Question

Nine gallons are drawn from a cask full of wine; it is then filled with water, then nine gallons of the mixture are drawn, and the cask is again filled with water. If the quantity of wine now in the cask be to the quantity of water in it as $16$ to $9$, how much does the cask hold?

Answer 1

Let $x$ be the number of gallons the cask can hold.

After the first drawing and filling,

wine left $=x-9$ gallons

quantity of water $=9$ gallons.

For the second drawing the water and wine will be drawn in the ratio they are present in the cask.

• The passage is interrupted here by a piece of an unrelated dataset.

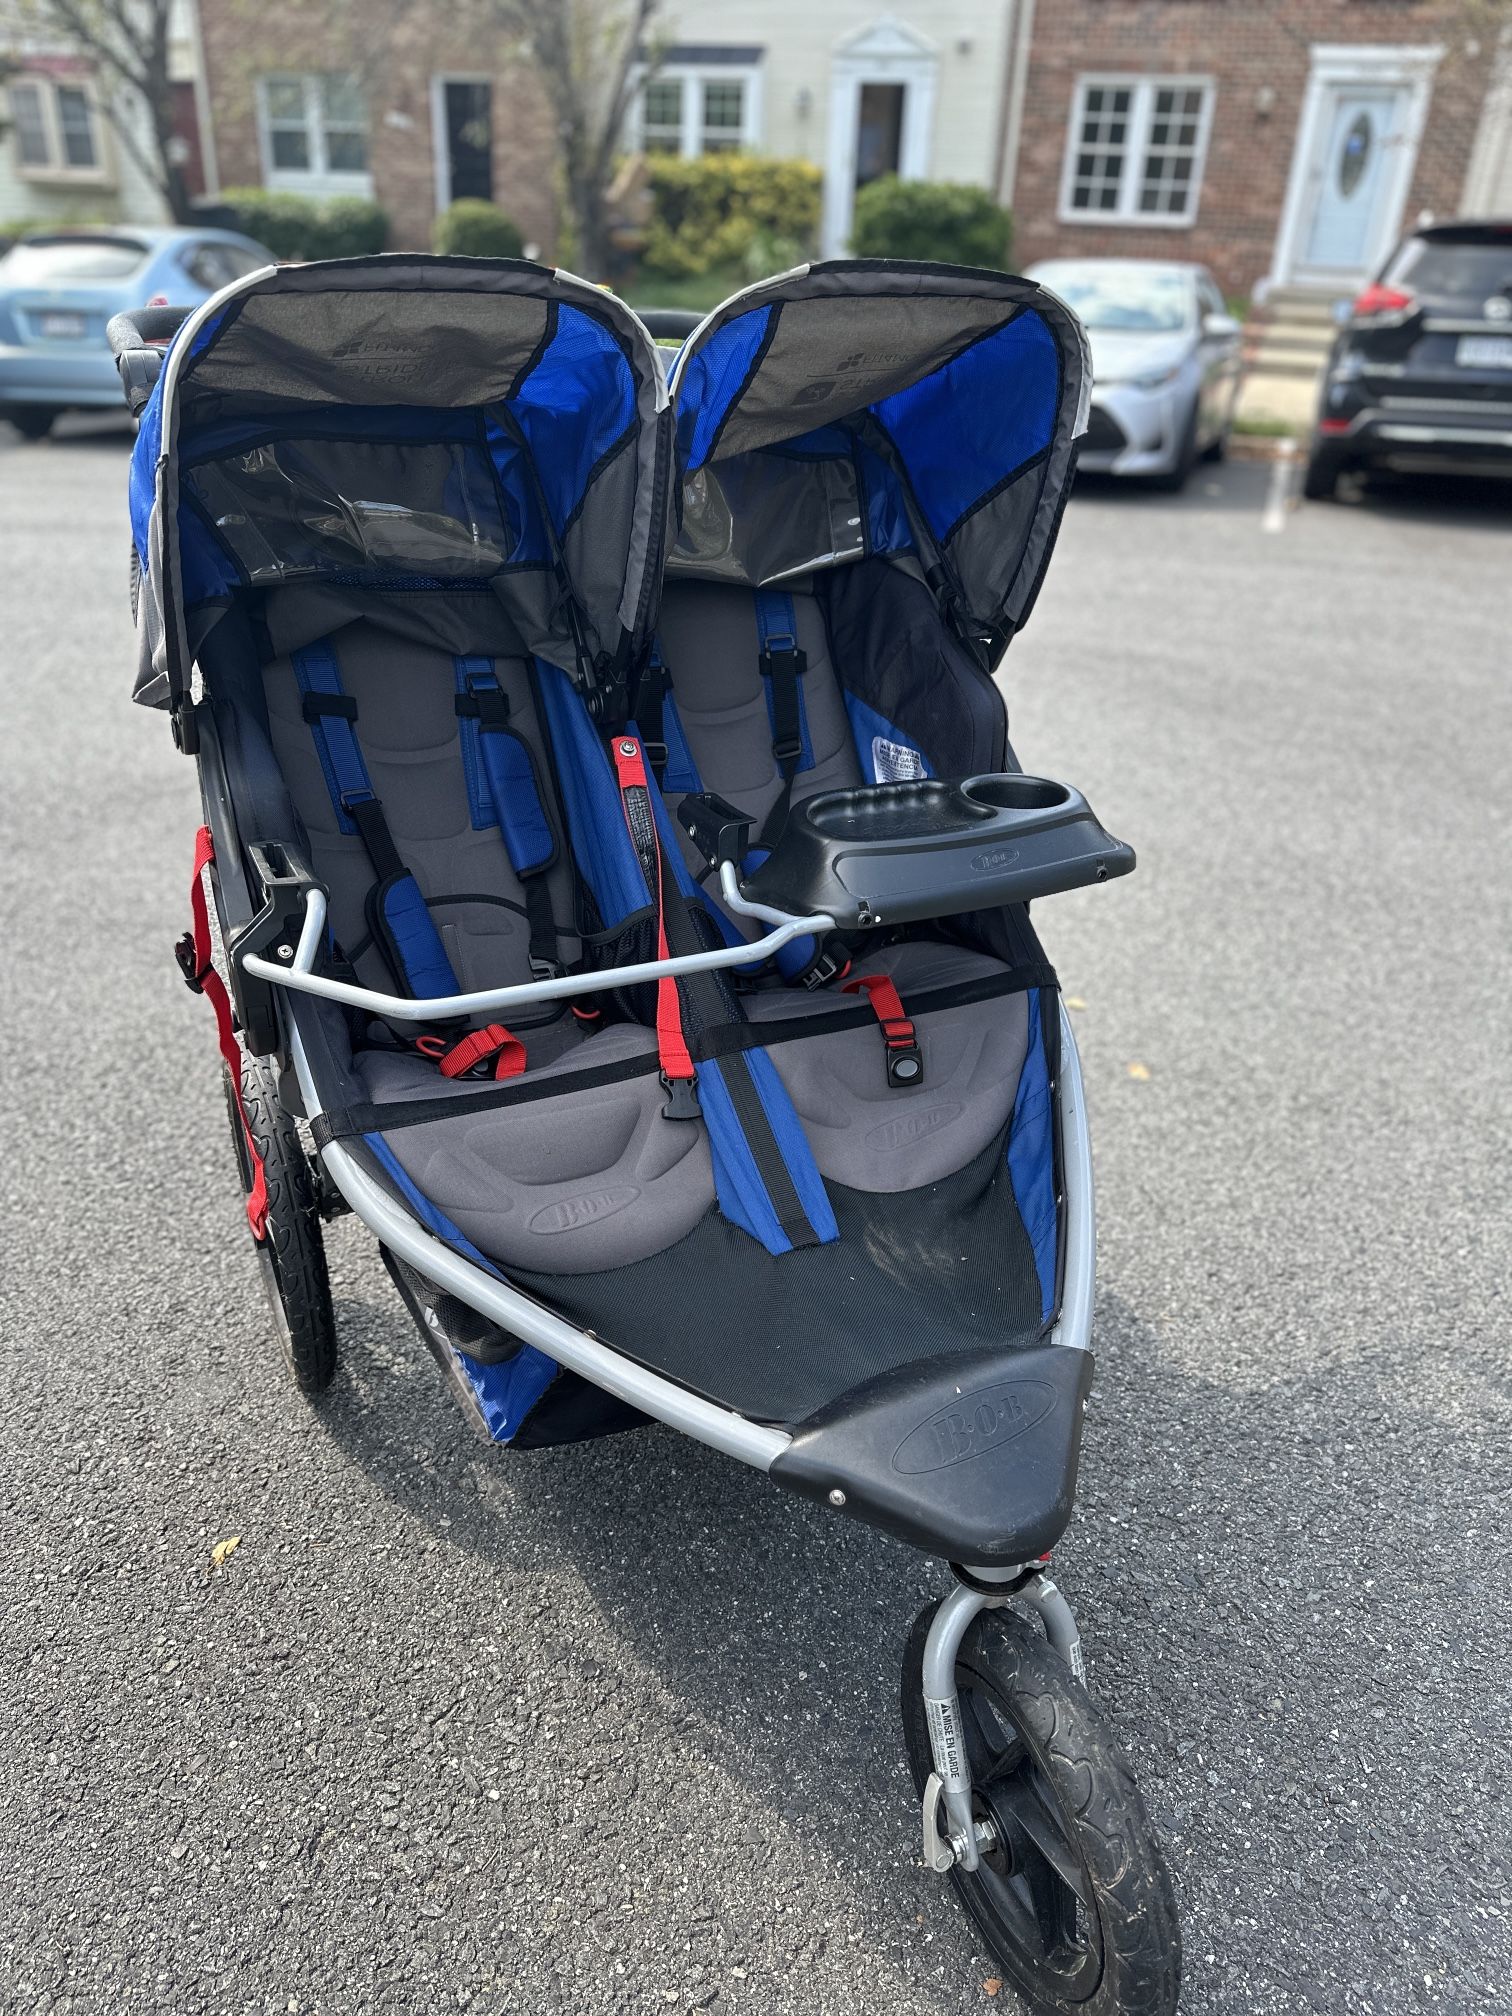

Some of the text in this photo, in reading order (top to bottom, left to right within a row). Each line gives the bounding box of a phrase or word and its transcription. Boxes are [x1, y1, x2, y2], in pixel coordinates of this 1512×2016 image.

So, Wine drawn =$\left(\frac{x-9}{x}\right)9$

Water drawn=$\left(\frac{9}{x}\right)9$

Wine left in the cask =$x-9-\left(\frac{x-9}{x}\right)9=x-18+\frac{81}{x}$

Water left in the cask=$9-\left(\frac{9}{x}\right)9+9=18-\frac{81}{x}$

Given.

$\frac{x-18+\frac{81}{x}}{18-\frac{81}{x}}=\frac{16}{9}$

$\frac{x^2-18x+81}{18x-81}=\frac{16}{9}$

$9x^2-162x+729=288x-1296$

$9x^2-450x+2025=0$

$x^2-50x+225=0$

$(x-45)(x-5)=0$

$x=5,45$

As the capacity cannot be $5$ according to the question so we have $45$ gallons.